Records from a data collection
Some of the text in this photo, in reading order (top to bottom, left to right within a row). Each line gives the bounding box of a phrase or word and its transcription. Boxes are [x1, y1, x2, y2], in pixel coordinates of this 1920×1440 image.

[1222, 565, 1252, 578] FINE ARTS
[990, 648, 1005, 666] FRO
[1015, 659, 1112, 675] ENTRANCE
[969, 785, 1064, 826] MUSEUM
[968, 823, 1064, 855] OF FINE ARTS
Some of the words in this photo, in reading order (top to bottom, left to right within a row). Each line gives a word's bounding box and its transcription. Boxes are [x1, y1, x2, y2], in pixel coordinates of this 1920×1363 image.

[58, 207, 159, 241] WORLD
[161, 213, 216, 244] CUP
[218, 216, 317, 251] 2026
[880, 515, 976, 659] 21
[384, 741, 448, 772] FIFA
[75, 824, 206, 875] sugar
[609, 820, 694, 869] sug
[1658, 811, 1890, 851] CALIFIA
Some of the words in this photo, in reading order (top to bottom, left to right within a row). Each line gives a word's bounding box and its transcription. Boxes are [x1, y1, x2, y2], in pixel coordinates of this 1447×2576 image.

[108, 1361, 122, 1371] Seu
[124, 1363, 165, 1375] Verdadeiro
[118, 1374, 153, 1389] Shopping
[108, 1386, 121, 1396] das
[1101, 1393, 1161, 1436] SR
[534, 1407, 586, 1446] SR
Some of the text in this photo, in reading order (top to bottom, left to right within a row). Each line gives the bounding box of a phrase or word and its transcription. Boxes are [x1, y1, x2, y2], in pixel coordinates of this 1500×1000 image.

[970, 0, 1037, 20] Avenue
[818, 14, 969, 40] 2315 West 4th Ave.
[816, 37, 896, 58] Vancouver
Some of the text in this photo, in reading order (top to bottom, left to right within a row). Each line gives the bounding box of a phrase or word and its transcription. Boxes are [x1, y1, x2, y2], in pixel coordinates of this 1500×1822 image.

Goal of the exercise
An exact reproduction of the data is required. Leave nothing out.

Solution for this task
Some of the text in this photo, in reading order (top to bottom, left to right within a row). Each line gives the bounding box of a phrase or word and its transcription. Boxes are [x1, y1, x2, y2], in pixel coordinates of this 1920×1440 image.

[1222, 565, 1252, 578] FINE ARTS
[990, 648, 1005, 666] FRO
[1015, 659, 1112, 675] ENTRANCE
[969, 785, 1064, 826] MUSEUM
[968, 823, 1064, 855] OF FINE ARTS
Some of the words in this photo, in reading order (top to bottom, left to right within a row). Each line gives a word's bounding box and its transcription. Boxes are [x1, y1, x2, y2], in pixel coordinates of this 1920×1363 image.

[58, 207, 159, 241] WORLD
[161, 213, 216, 244] CUP
[218, 216, 317, 251] 2026
[880, 515, 976, 659] 21
[384, 741, 448, 772] FIFA
[75, 824, 206, 875] sugar
[609, 820, 694, 869] sug
[1658, 811, 1890, 851] CALIFIA
Some of the words in this photo, in reading order (top to bottom, left to right within a row). Each line gives a word's bounding box and its transcription. Boxes are [x1, y1, x2, y2], in pixel coordinates of this 1447×2576 image.

[108, 1361, 122, 1371] Seu
[124, 1363, 165, 1375] Verdadeiro
[118, 1374, 153, 1389] Shopping
[108, 1386, 121, 1396] das
[1101, 1393, 1161, 1436] SR
[534, 1407, 586, 1446] SR
Some of the text in this photo, in reading order (top to bottom, left to right within a row). Each line gives the bounding box of a phrase or word and its transcription. Boxes are [x1, y1, x2, y2], in pixel coordinates of this 1500×1000 image.

[970, 0, 1037, 20] Avenue
[818, 14, 969, 40] 2315 West 4th Ave.
[816, 37, 896, 58] Vancouver
Some of the text in this photo, in reading order (top to bottom, left to right within a row). Each line gives the bounding box of a phrase or word and its transcription. Boxes are [x1, y1, x2, y2], in pixel coordinates of this 1500×1822 image.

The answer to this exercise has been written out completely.